QuantConnect / Lean

Lean Algorithmic Trading Engine by QuantConnect (Python, C#)
https://lean.io
Apache License 2.0
9.55k stars 3.23k forks source link

Library Request: cuDF + RAPIDS #8318

Open AlexCatarino opened 2 weeks ago

AlexCatarino commented 2 weeks ago

cuDF (pronounced "KOO-dee-eff") is a GPU DataFrame library for loading, joining, aggregating, filtering, and otherwise manipulating data.

Test:

import cudf

tips_df = cudf.read_csv("https://github.com/plotly/datasets/raw/master/tips.csv")
tips_df["tip_percentage"] = tips_df["tip"] / tips_df["total_bill"] * 100

# display average tip by dining party size
print(tips_df.groupby("size").tip_percentage.mean())

Gives us:

No module named 'cudf'

EDIT: We need to install RAPIDS too.

Checklist

beckernick commented 1 week ago

Hi! I came across this issue due to the cuDF reference. I work on cuDF and other RAPIDS projects at NVIDIA.

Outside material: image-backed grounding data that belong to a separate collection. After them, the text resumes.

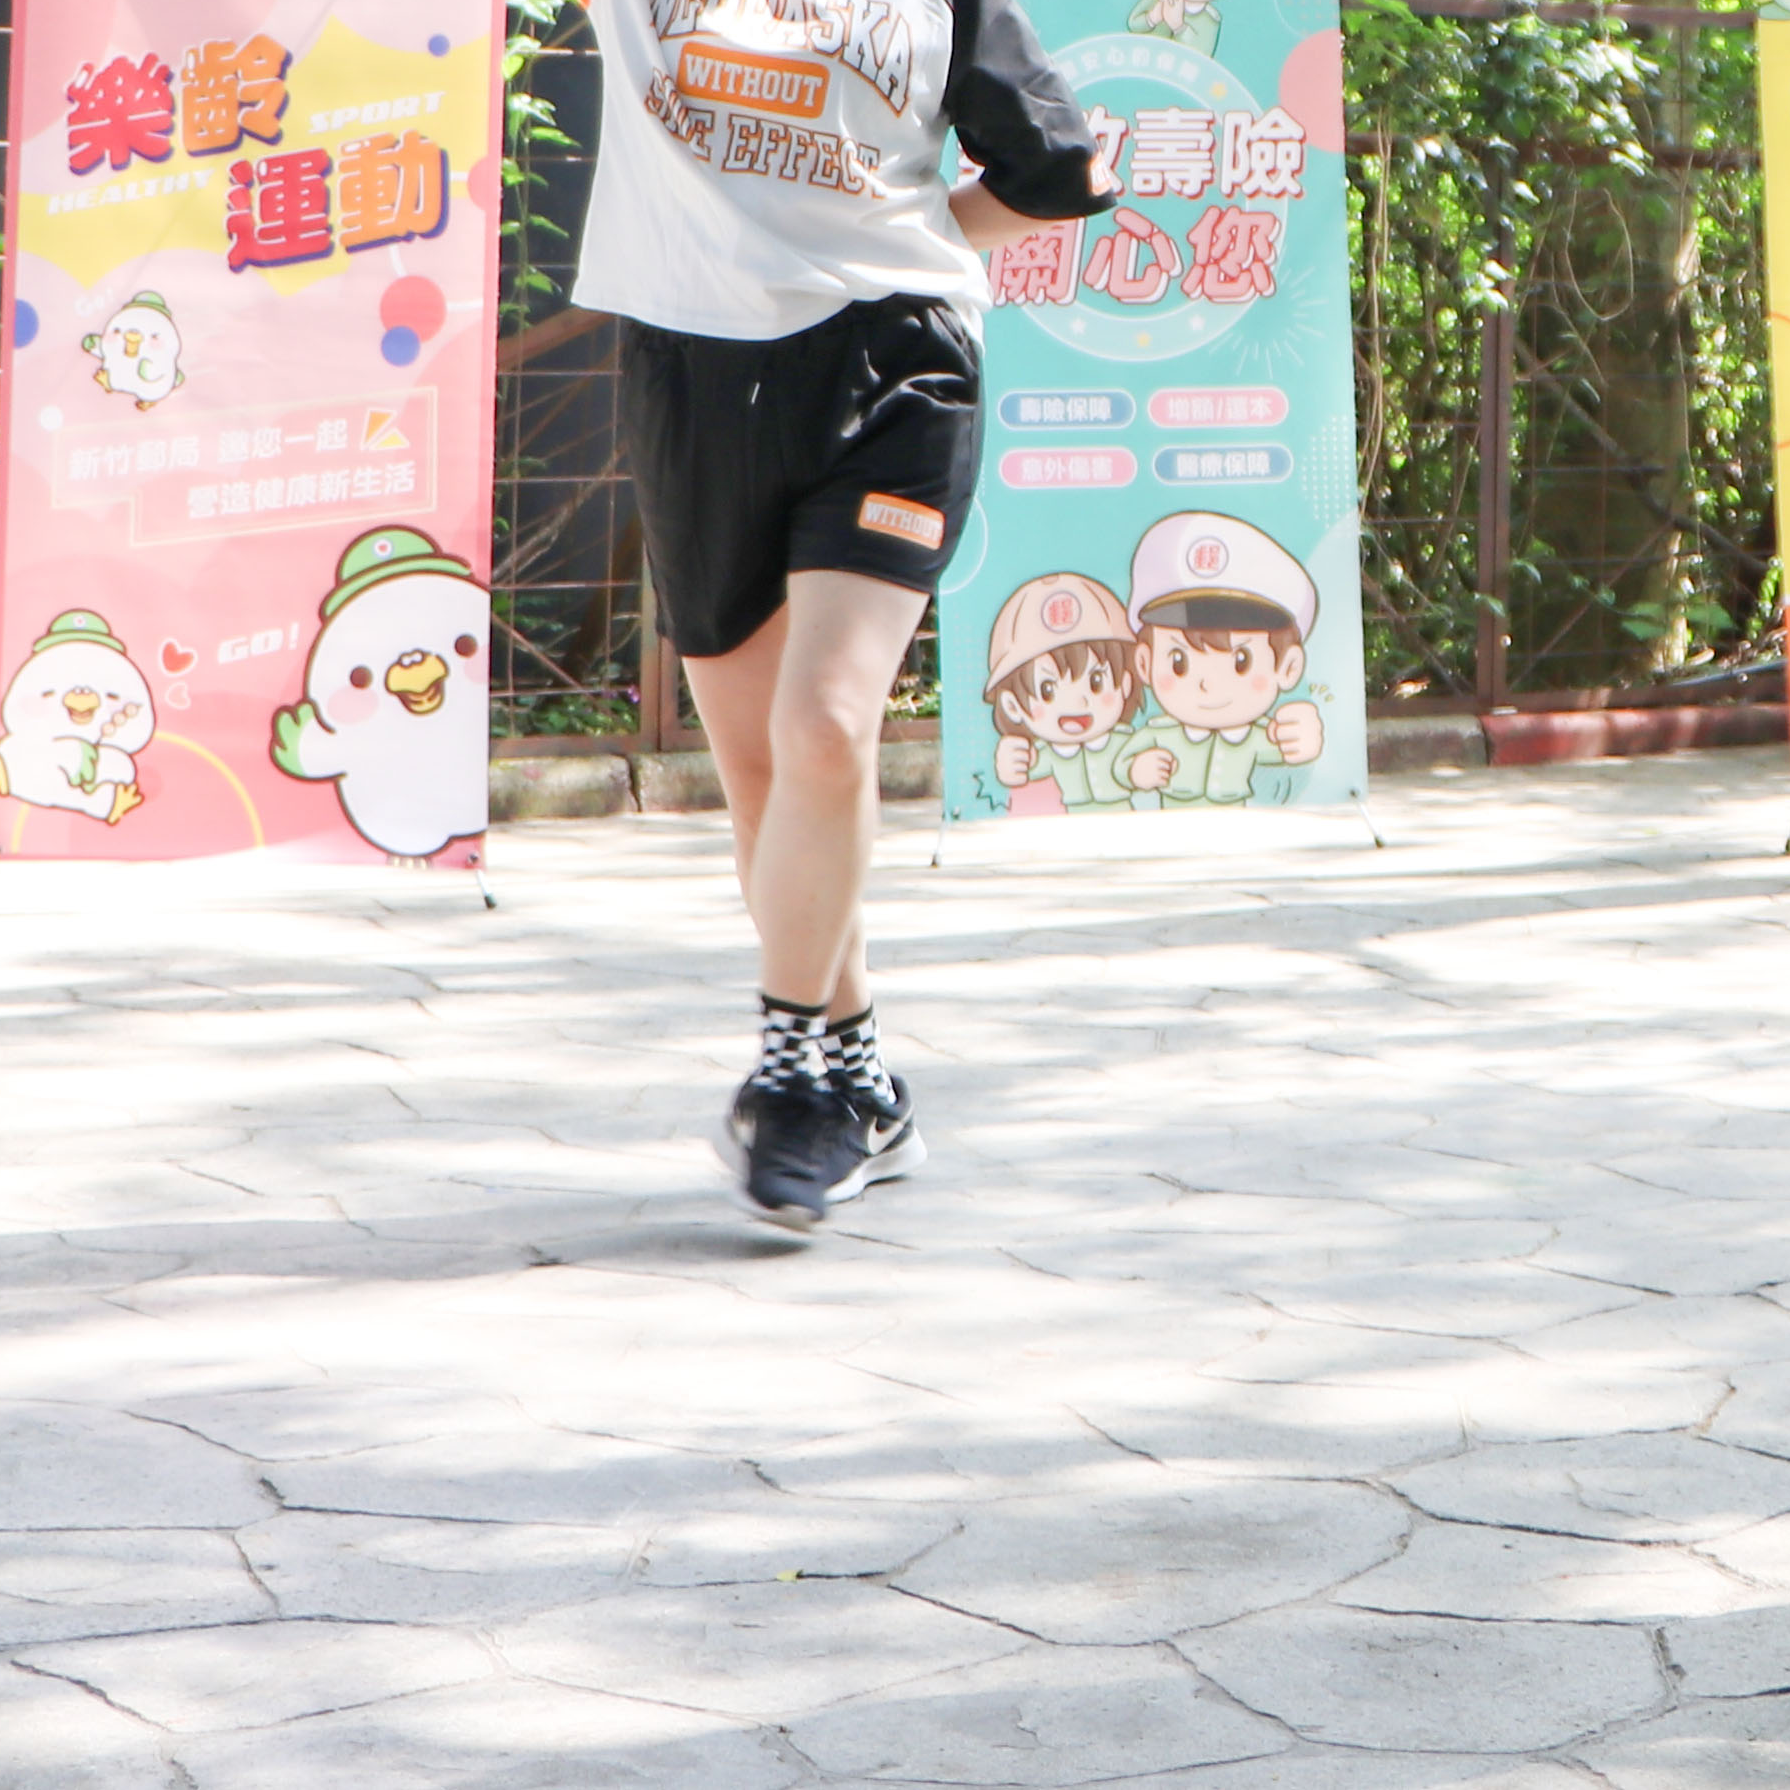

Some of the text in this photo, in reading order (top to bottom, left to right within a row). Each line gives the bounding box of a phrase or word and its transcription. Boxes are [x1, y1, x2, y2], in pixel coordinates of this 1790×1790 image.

[65, 32, 294, 178] 樂齡
[684, 53, 823, 108] WITHOUT
[308, 90, 446, 134] SPORT
[721, 112, 889, 199] EFFECT
[47, 167, 215, 216] HEALTHY
[226, 129, 449, 273] 運動
[67, 435, 202, 481] 新竹郵局
[186, 461, 417, 520] 營造健康新生活
[863, 501, 944, 542] WITHOUT
[217, 622, 301, 665] GO!

In addition to being a GPU library, cuDF can provide zero code change GPU-acceleration for pandas and (as of yesterday) Polars.

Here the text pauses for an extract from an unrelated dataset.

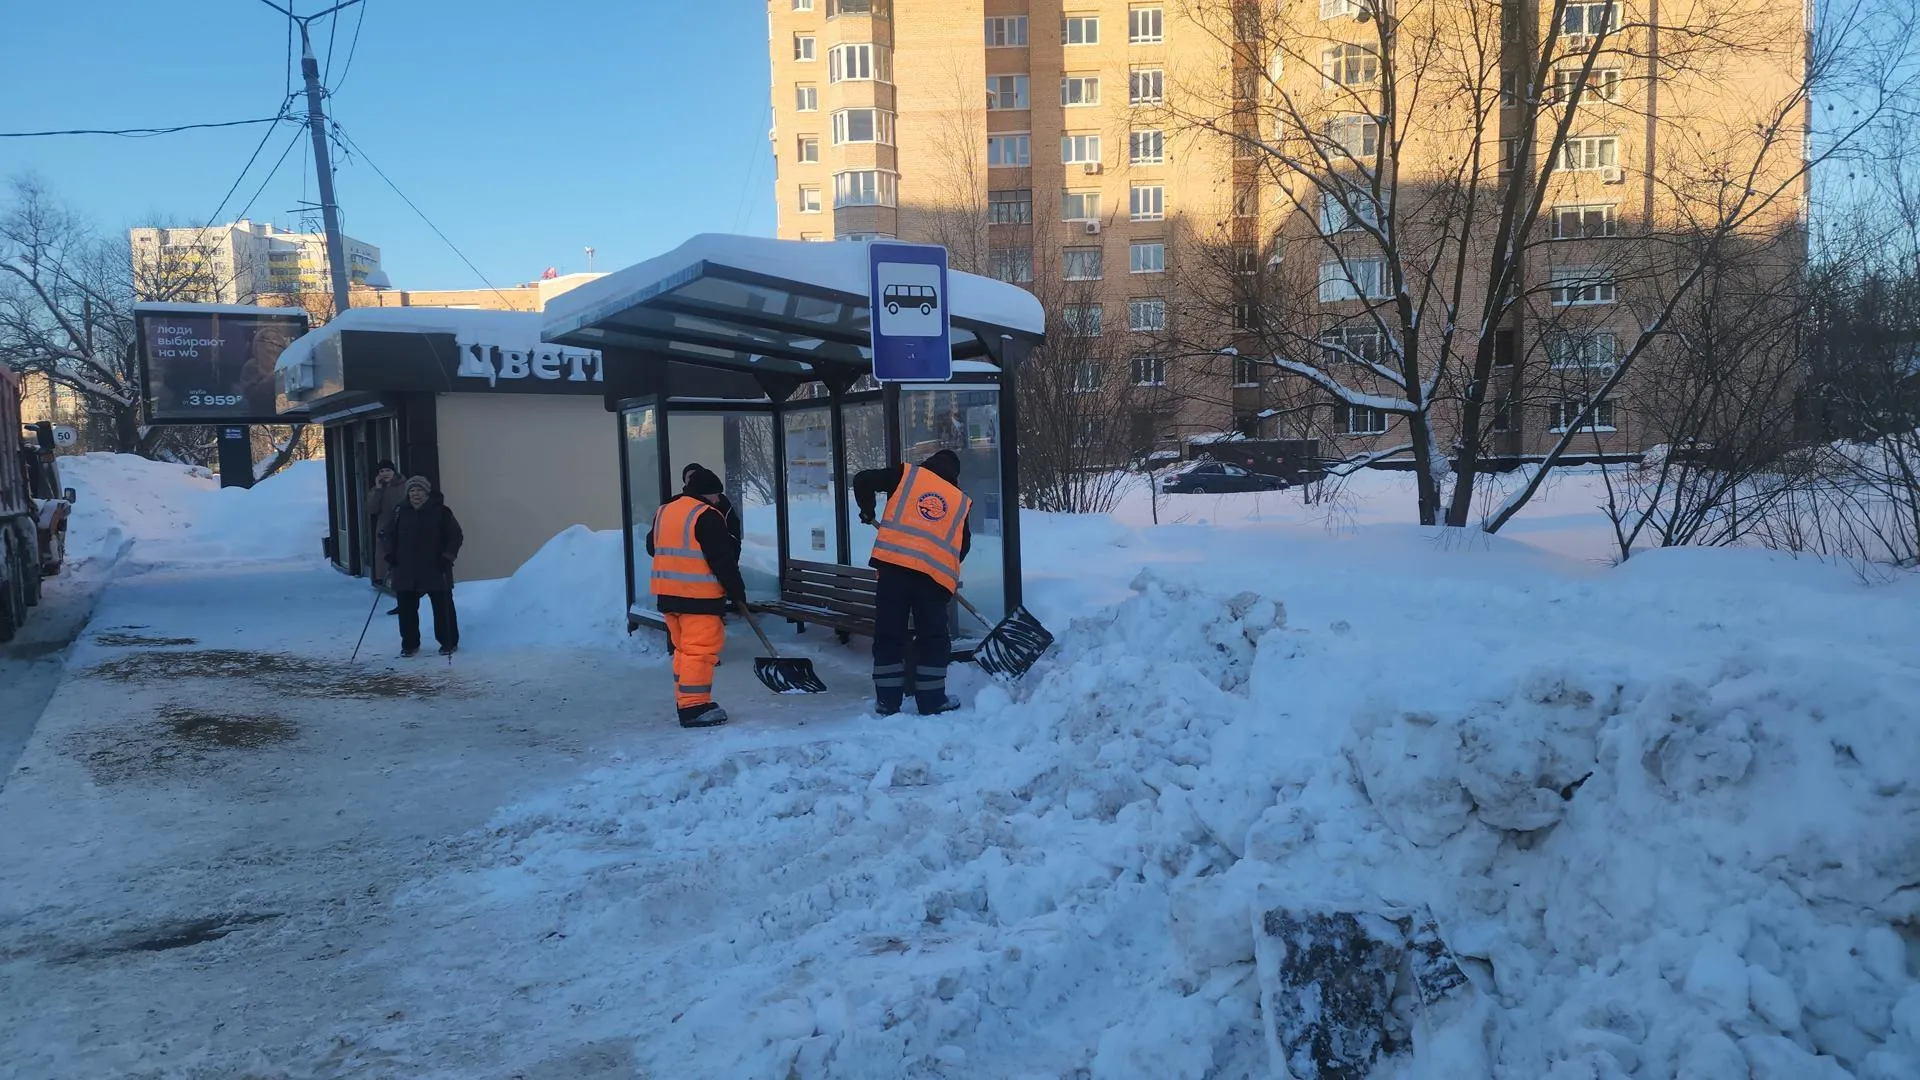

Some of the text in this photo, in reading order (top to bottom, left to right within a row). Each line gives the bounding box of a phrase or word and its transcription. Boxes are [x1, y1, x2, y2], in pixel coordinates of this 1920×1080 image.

%load_ext cudf.pandas # or via command line for Python scripts

df = pd.read_parquet(filepath)

(df[["Registration State", "Violation Description"]]
 .value_counts()
 .groupby("Registration State")
 .head()
 .sort_index()
)
import polars as pl

ldf = pl.LazyFrame({"a": [1.242, 1.535]})

print(
    ldf.select(
        pl.col("a").round(1)
    ).collect(engine="gpu")
)

Would love to see these capabilities available for LEAN users. Happy to try to help answer any questions that might come up if you or anyone else explores this.